# Newbie saying Hello

1. Feb 23, 2007

### 44HP

Newbie saying Hello and an unusual question...

Just thought I'd say Hi and ask if I can post a rather odd question.

I've not done any academic physics since leaving school at 18 (I'm a Brit) but think that knowing the basics makes life a whole lot easier.

Physics stops your shelves falling down and your car falling off the road. So it's kinda important.

I want to ask a particular question, but it might not be to every bodies taste so I'm asking permission first.

I'm a keen shooter and have always had problems about the way other shooters talk about recoil and impact on the target.

A lot of very, very experience and knowledgeable shooters say that the shooter feels the same energy (recoil) as the target (impact) due to the conservation of energy / momentum.

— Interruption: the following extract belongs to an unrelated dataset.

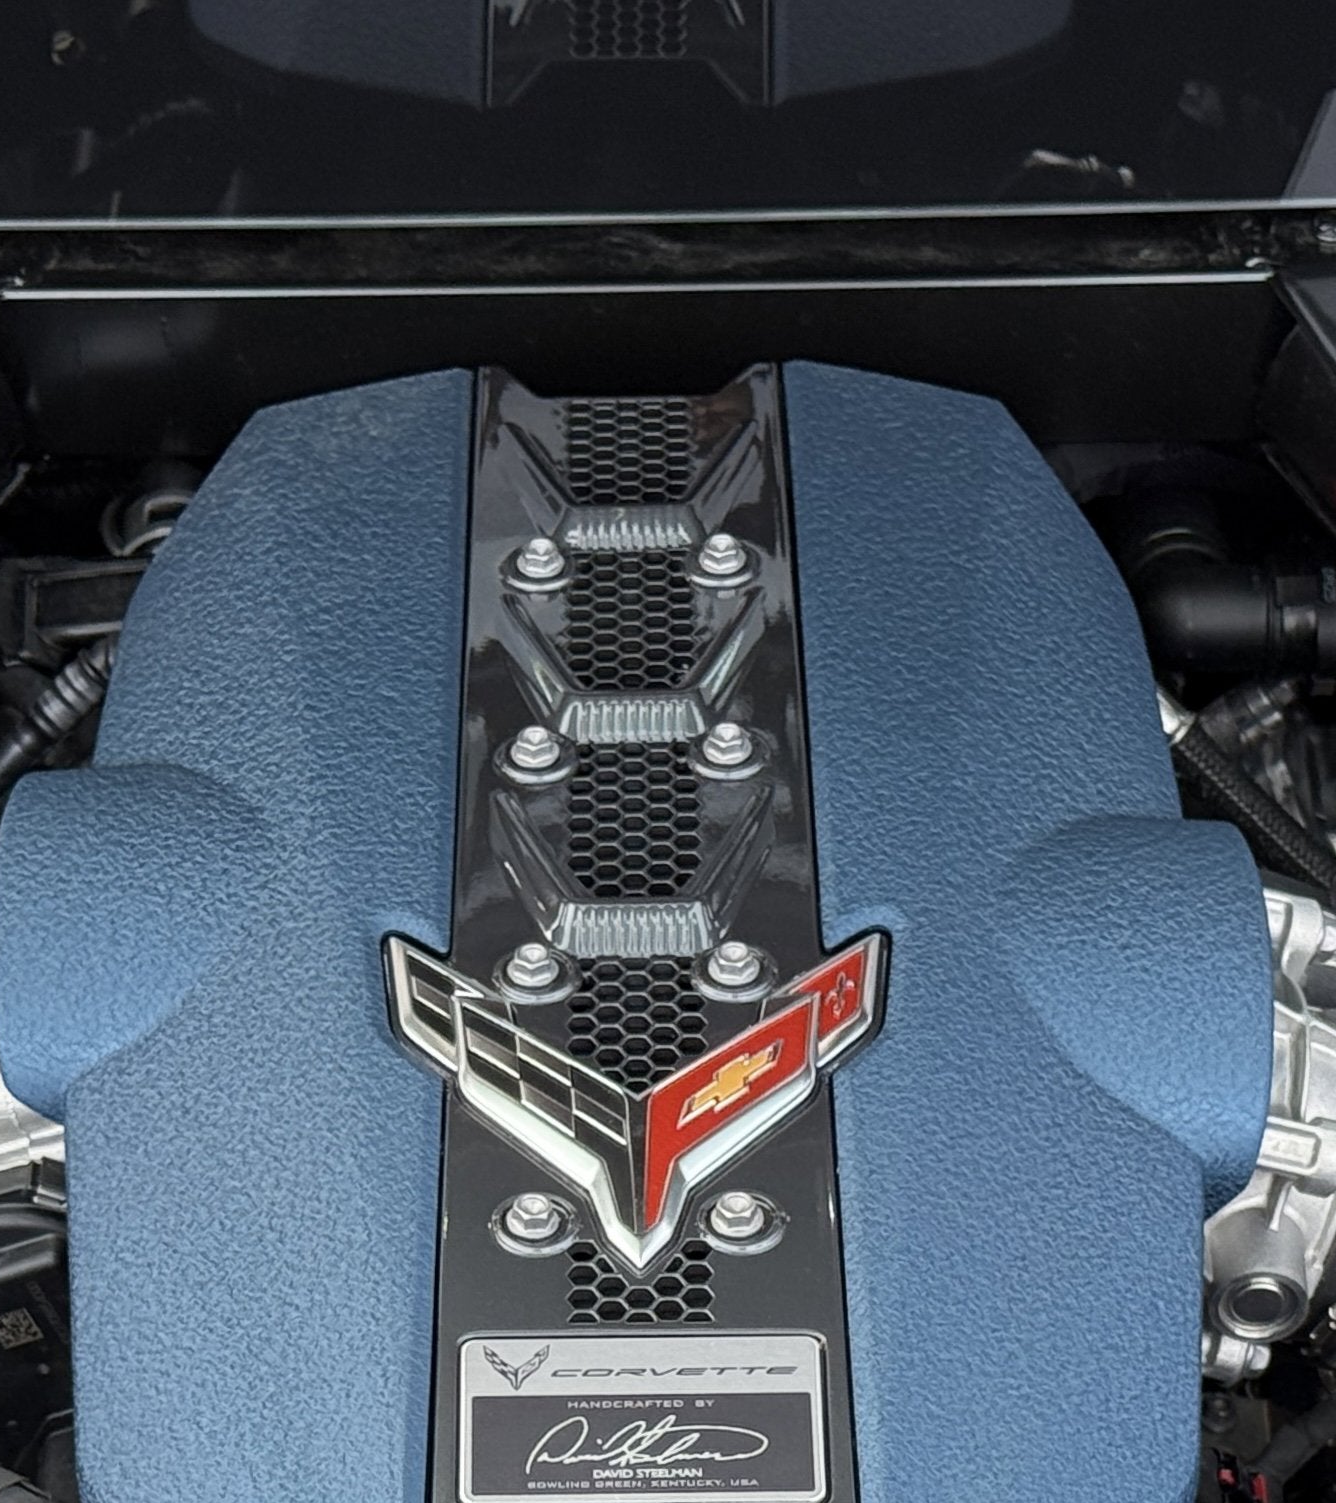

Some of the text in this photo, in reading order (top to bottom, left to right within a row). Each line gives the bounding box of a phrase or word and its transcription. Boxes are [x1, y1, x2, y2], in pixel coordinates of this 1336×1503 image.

[551, 1366, 798, 1377] CORVETTE
[567, 1400, 715, 1409] HANDCRAFTED BY
[592, 1467, 703, 1479] DAVID STEELMAN
[527, 1479, 760, 1489] BOWLING GREEN, KENTUCKY, USA

Personally I think that's a simplistic view and would like to get to the bottom of this once and for all.

I want to talk about the different rates of projectile acceleration and deceleration as well as the relative areas over which the force is felt.

Is this a suitable place to have this discussion?

Cheers...

Last edited: Feb 23, 2007
2. Feb 25, 2007

### Claude Bile

Of course.
First of all we need to define some basic terms.
Momentum (P) is the product of an objects mass (m) and velocity (v) (i.e. P = mv).
Force is the rate of change of momentum (i.e. F = dP/dt). Sometimes we rewrite this as F.dt = dP and label the quantity F.dt "Impulse".
Energy is the ability to do work, and can take many forms. For example kinetic energy (energy due to motion) is equal to 1/2mv^2, mechanical work is equal to Force x Distance and so on.

Now some basic laws.

Conservation of energy will not apply in this scenario, because energy is being lost to the surroundings.
Conservation of momentum however, will apply because there are no outside forces acting on the system (I am taking the "system" to be shooter + projectile + target).
Newton's Third Law states that forces act in equal and opposite pairs.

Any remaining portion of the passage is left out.